Purrfect automated healthcare

Japanese cat owners are turning to a new AI-powered smartphone app that purports to shed light on the perennial question: Is my cat in pain or just mad at me?

The app, called CatsMe!, was developed by researchers at Nihon University as well as the tech startup Carelogy. The developers trained their AI model on thousands of pictures of cats and claim it can snap a picture of your pet’s face to reveal hidden discomfort with 95% accuracy.

The goal is to help cat owners determine when it’s necessary to take their cat to the veterinarian for further examination — and possibly as an early warning for anything as simple as arthritis or as devastating as cancer. In an ideal world, it might save you a couple bucks with fewer trips to the vet — spending on veterinary care doubled between 2010 and 2021, well above the rate of inflation.

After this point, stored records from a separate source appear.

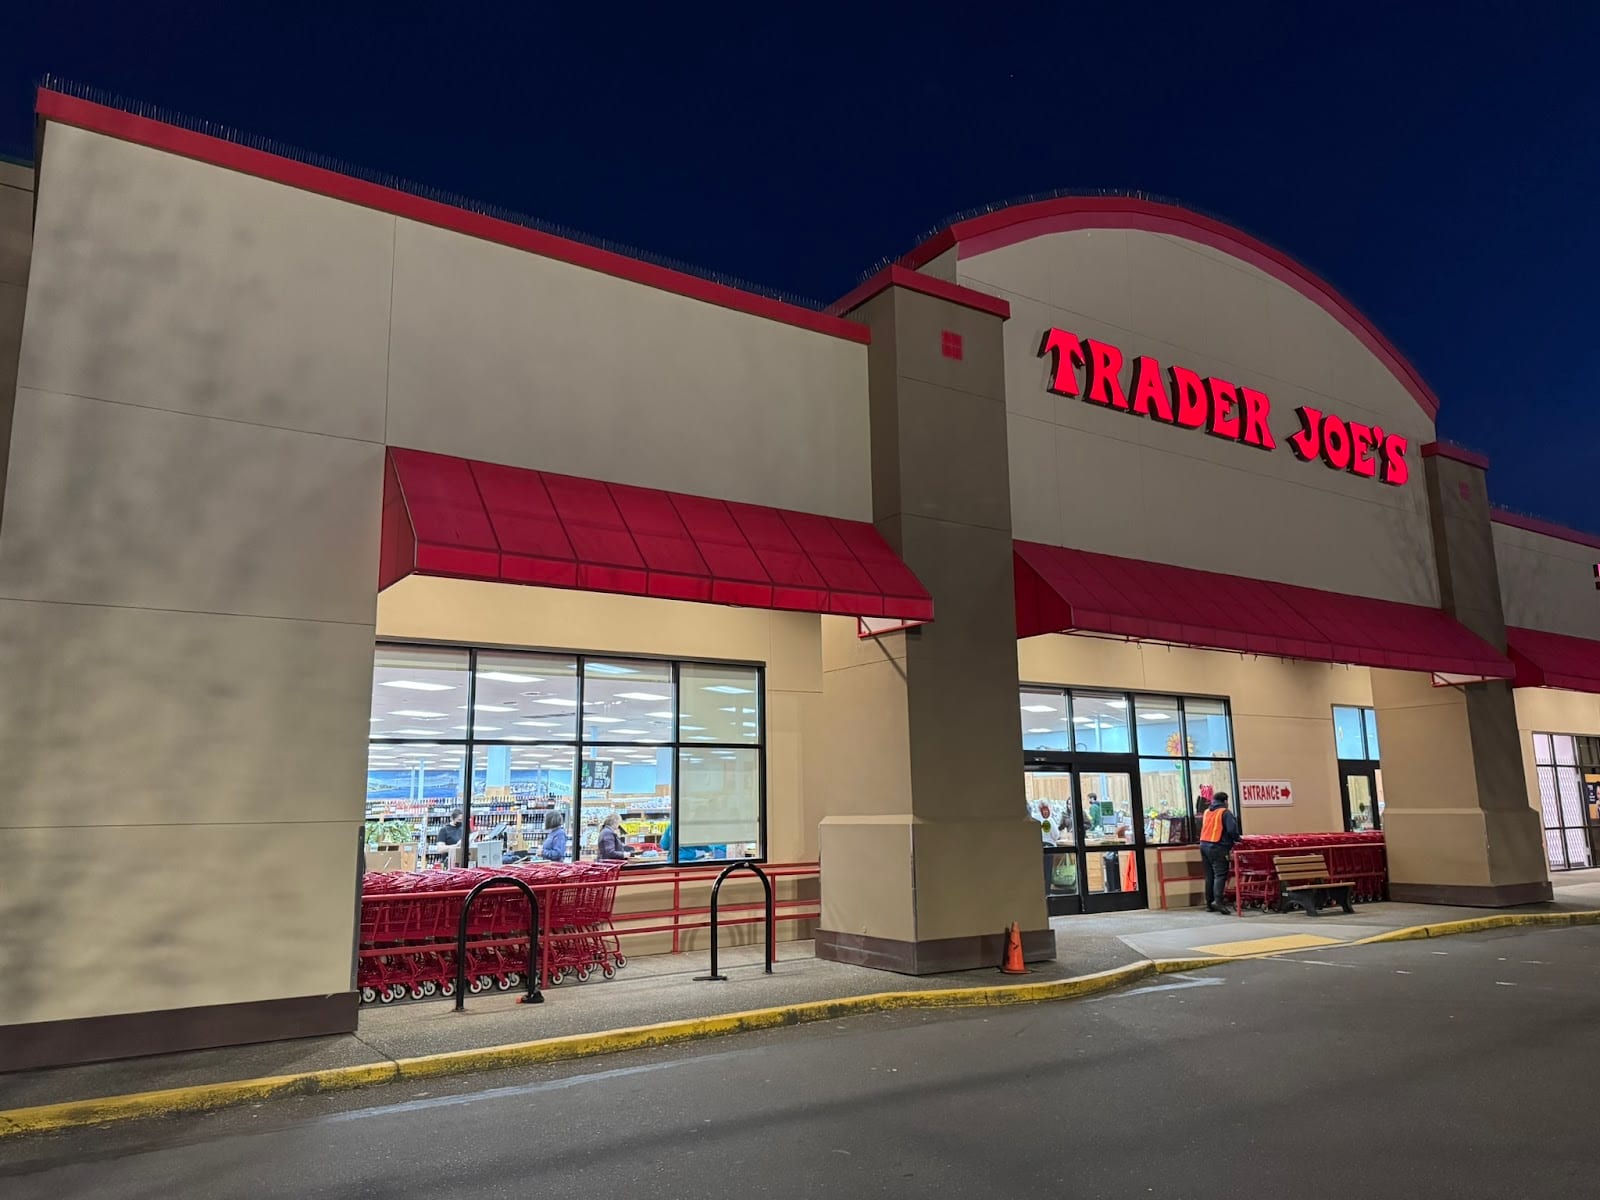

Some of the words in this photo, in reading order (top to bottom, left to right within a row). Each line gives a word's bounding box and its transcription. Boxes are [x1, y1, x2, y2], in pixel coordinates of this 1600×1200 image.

[1042, 327, 1276, 449] TRADER
[1290, 406, 1408, 485] JOE'S
[1242, 785, 1280, 801] ENTRANCE
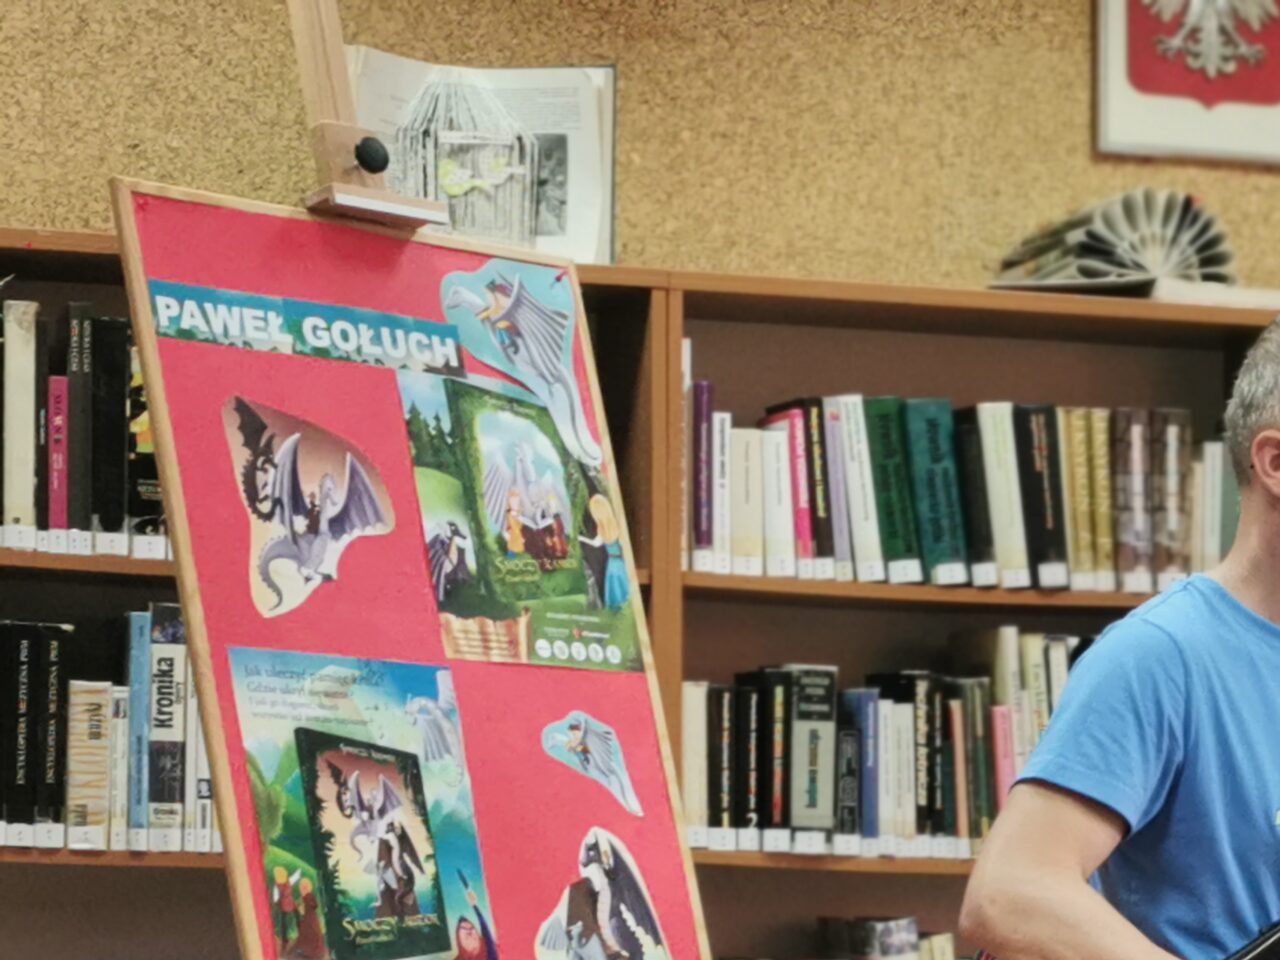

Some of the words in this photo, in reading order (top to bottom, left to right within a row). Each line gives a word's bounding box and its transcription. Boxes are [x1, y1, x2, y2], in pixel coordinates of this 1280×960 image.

[155, 293, 294, 345] PAWEŁ
[301, 313, 460, 369] GOŁUCH
[152, 656, 176, 730] Kronika

SHANGHAI, CHINA - AUGUST 18, 2023 - ICE International Cat Expo at Pet Asia, August 18, 2023

CFOTO via Reuters Connect

AI deciphers the animal kingdom

Artificial intelligence is being used to better understand our friends in the animal kingdom. University of Michigan researchers are using AI to decode the vocalizations of dogs, studying whether their barks convey aggression or playfulness. Interestingly, the researchers are using speech models originally trained on human speech to find patterns and better understand how they’re communicating. Similarly, an initiative called Project CETI is using machine learning to learn more about how sperm whales communicate with another.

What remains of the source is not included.